### Exercise objective
Each line from the one holding "Some of the words" to the last line below must be written out exactly, with no other output.

↓↓↓

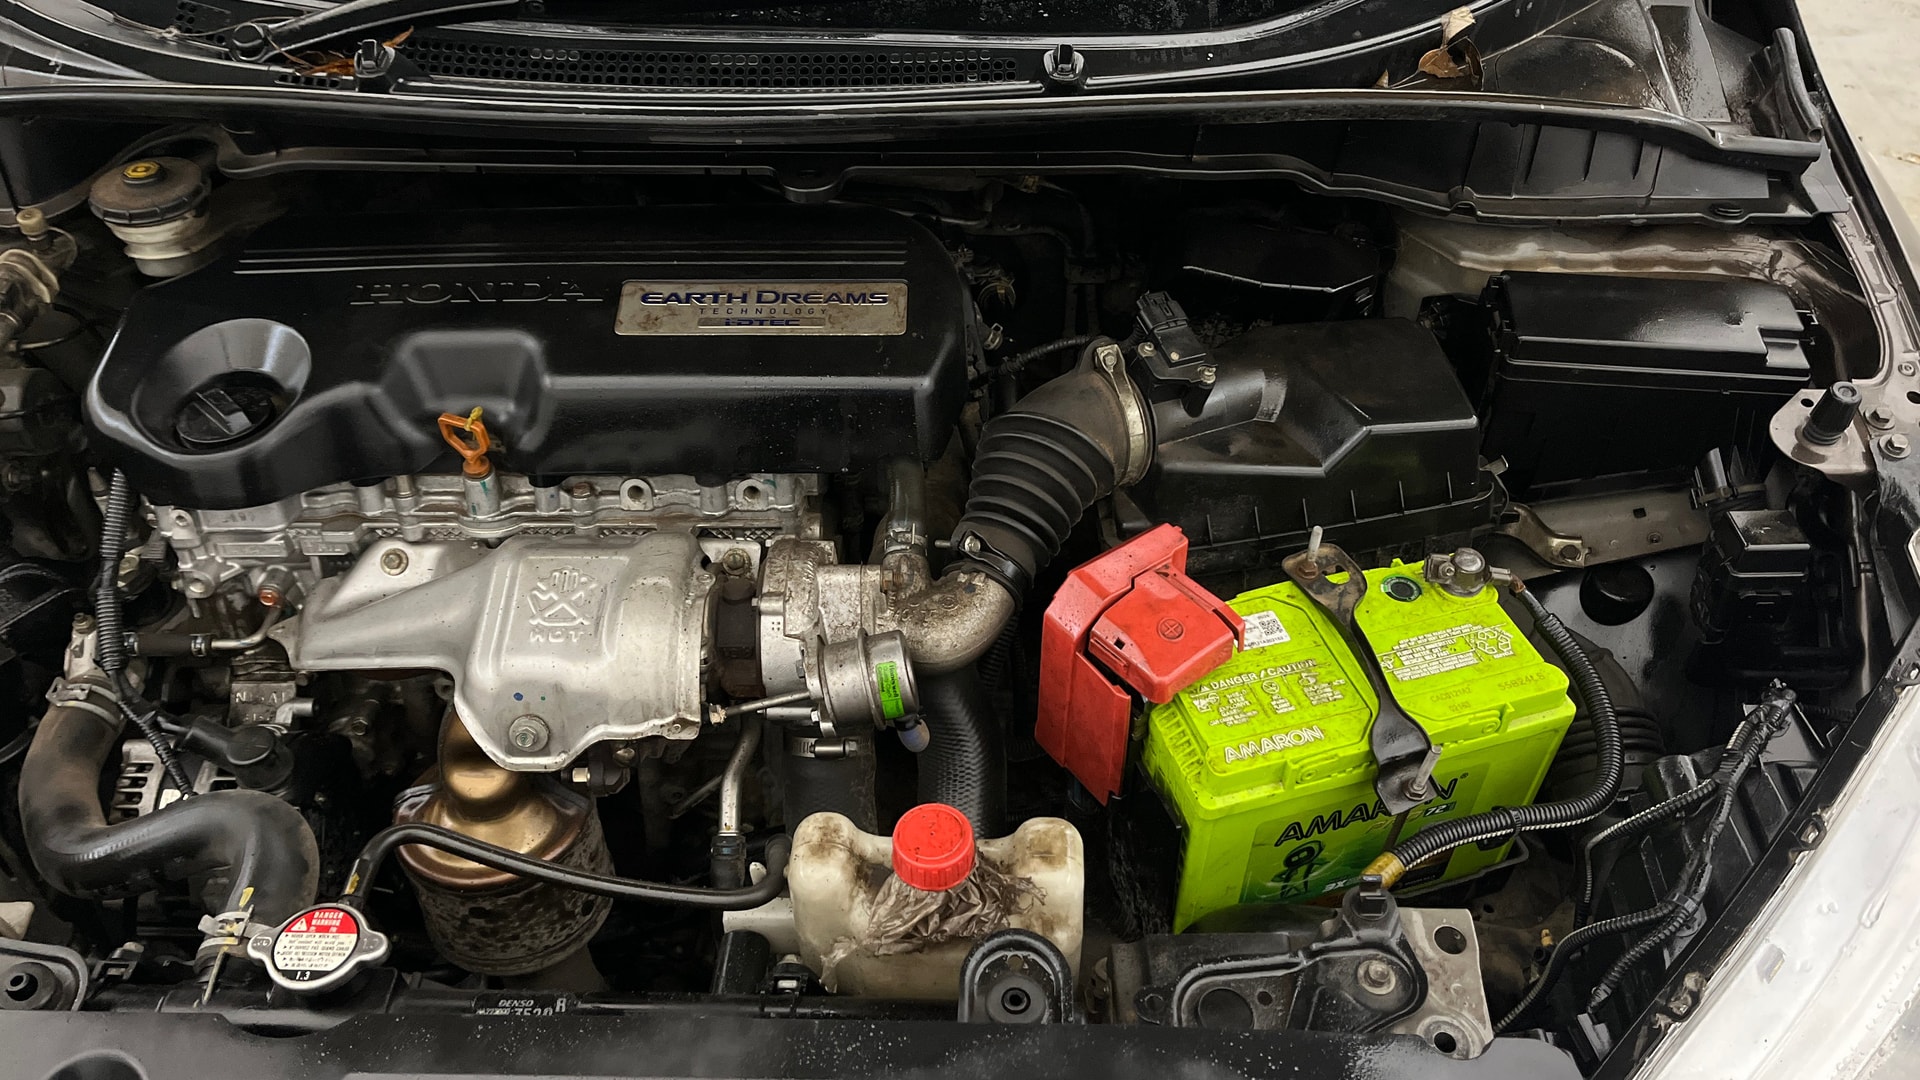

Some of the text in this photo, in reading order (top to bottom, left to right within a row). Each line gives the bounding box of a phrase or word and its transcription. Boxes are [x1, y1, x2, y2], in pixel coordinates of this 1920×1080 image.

[349, 280, 603, 305] HONDA
[640, 291, 747, 306] EARTH
[699, 307, 828, 315] TECHNOLOGY
[529, 630, 584, 643] HOT
[1210, 671, 1258, 690] DANGER
[1264, 659, 1316, 676] CAUTION
[1224, 725, 1324, 764] AMARON
[296, 971, 310, 980] 1.3
[498, 999, 534, 1007] DENSO
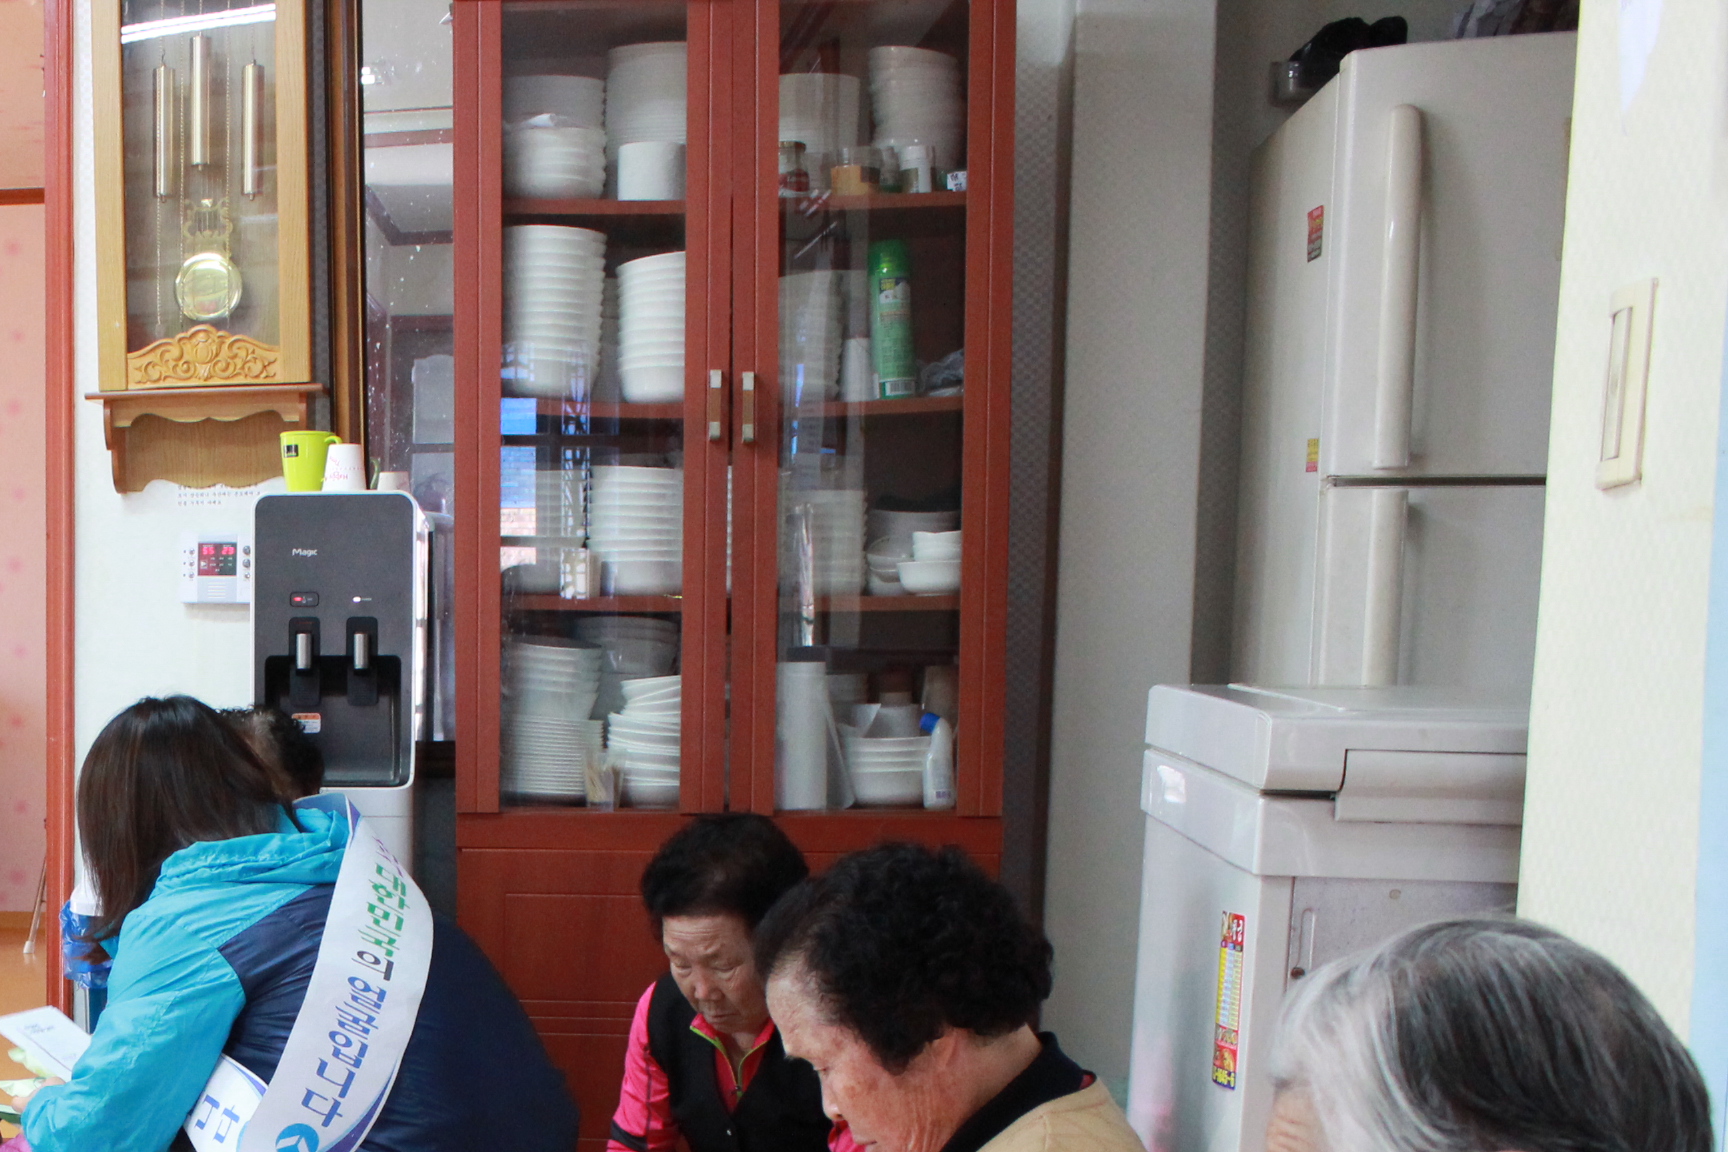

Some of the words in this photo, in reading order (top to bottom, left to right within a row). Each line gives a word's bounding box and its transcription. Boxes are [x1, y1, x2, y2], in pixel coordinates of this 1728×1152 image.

[292, 548, 318, 557] Magic
[351, 863, 410, 981] 대한민국의
[301, 976, 387, 1128] 얼굴입니다

↑↑↑

### Response box
Some of the words in this photo, in reading order (top to bottom, left to right within a row). Each line gives a word's bounding box and its transcription. Boxes are [x1, y1, x2, y2], in pixel coordinates of this 1728×1152 image.

[292, 548, 318, 557] Magic
[351, 863, 410, 981] 대한민국의
[301, 976, 387, 1128] 얼굴입니다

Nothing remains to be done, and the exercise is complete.